Miscellaneous Word Document — March 28th, 2023



4:00 AM  — Taeko Onuki


            I wake up before dawn,
            the darkness hides its breath.

            I chase after the stillness.
            The words can’t be found.


            Whenever I think back,
            An answer can't be found.



In the black fog past midnight, all is diminished but the rain and the meandering of a lone car.  There is something western about driving to fill the empty trail of the road, not that I would personally know.  Nightly, solo.  Paris, Texas.  My father would drive my sister and I from our townhouse in Vancouver down the I-5 to Los Angeles, only breaking for a single night in a barebones motel frozen in the ‘70s which was the only accommodation that made the cut for my father’s budget, a vicinity that now might be nostalgia-poverty-adventure porn for a young type.  Northern California mountains.  Slaughterhouse.  Desertscapes drifting into an immeasurable expanse.  Driving is an inherent joy even after losing his right leg to a car accident.  He frequently drives down from the Okanagan to the lower mainland since he needs a car to get around the city but also because the route is sheer wonder; Manning Park to Princeton must be the only route worth taking.  He has a ’74 Chevrolet Nova he bought well over fifteen years ago to restore.  It has been on the backburner between all his home renovations, moving, taking care of my sister and I, but it still waits patiently.


The night predicating sleep and post couldn’t be further apart.  Waking before one o’clock might be interrupted sleep but I had started at three which is the perfect hour to rise.  Before three, the day has yet to come to an end, not here in my mind nor out there.  Now the day waits to begin, here and there. We’re suspended in between.  Innocence blankets a dreaming city or rather, vulnerability exposes its gentle nature.  The discord of the day is distant and reconcilable from here.  I can see the harmony in the aftermath of yesterday and sift through the things that are content the way they are.  There, too, I find the disrupted matters, resting in interlude.
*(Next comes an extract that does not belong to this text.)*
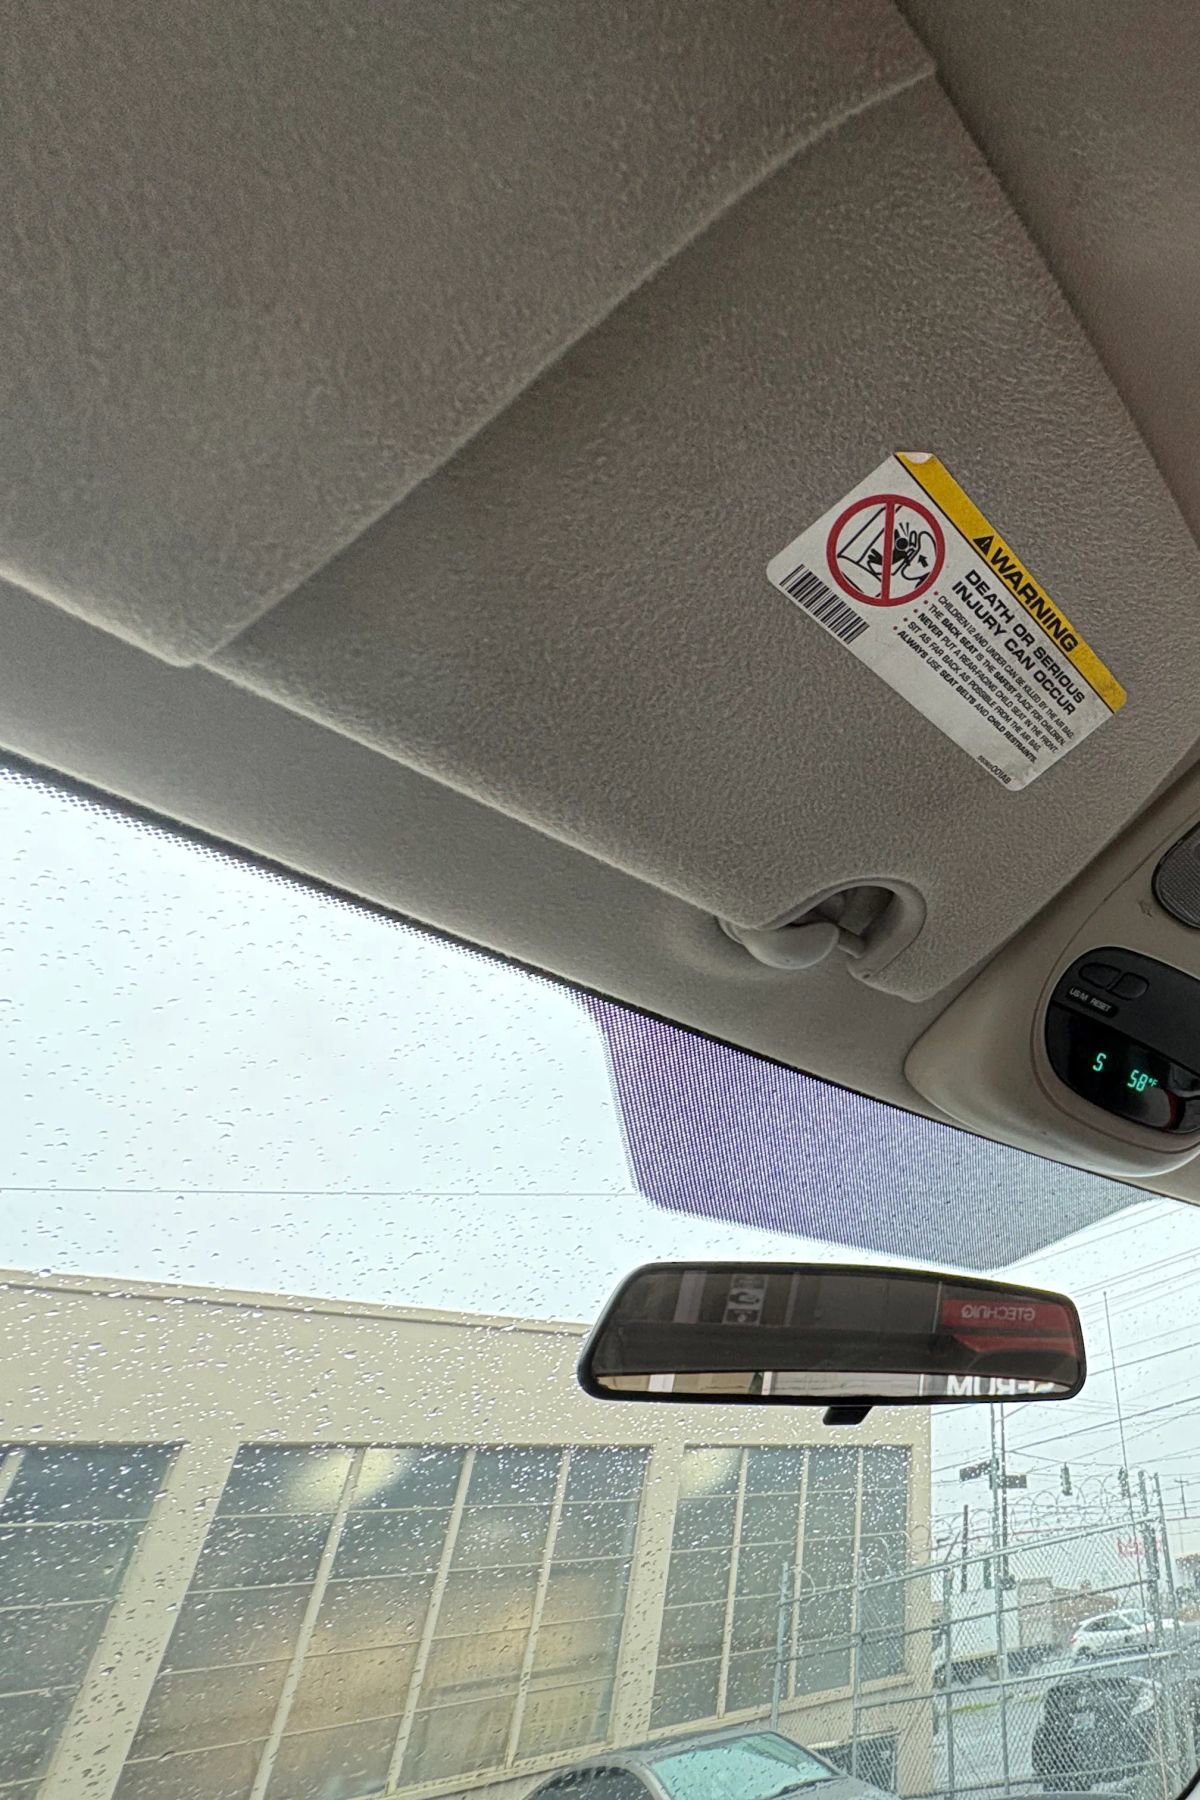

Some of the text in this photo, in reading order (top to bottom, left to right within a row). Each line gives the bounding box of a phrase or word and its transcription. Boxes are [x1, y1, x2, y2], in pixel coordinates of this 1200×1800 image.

At four o’clock, I rise.  I bleach salt and pepper eyebrows a couple days too late and wash last night’s dishes.  I savour the crunch of buttered toast and coffee while finishing Drive My Car.  I’m neither here nor there.  I’m in a car driving off somewhere on this damp night, probably listening to a Fleetwood Mac CD.  CDs.  To be young feeling old is contradictory when no one’s knowledge of anything comes close to ‘enough’.  That may well be my youth speaking, presuming that I’ll forever be overwhelmed by what is unknown about the universe.  Yet while I’m reminiscing floppy disks and CDs, I notice there has been an immense succession of change in my minute existence thus far.  Nanotechnology, 9/11, a recession, the first Black president of the United States, the 2010 Winter Olympics, the pandemic, an upheaval of Roe vs. Wade, the marked change of the alarming heroin chic ‘00s diet to the big bodacious bodies of the ‘10s.  I suppose some of these changes could induce a premature defeatism, giving way to a decided determination, all stubborn, old.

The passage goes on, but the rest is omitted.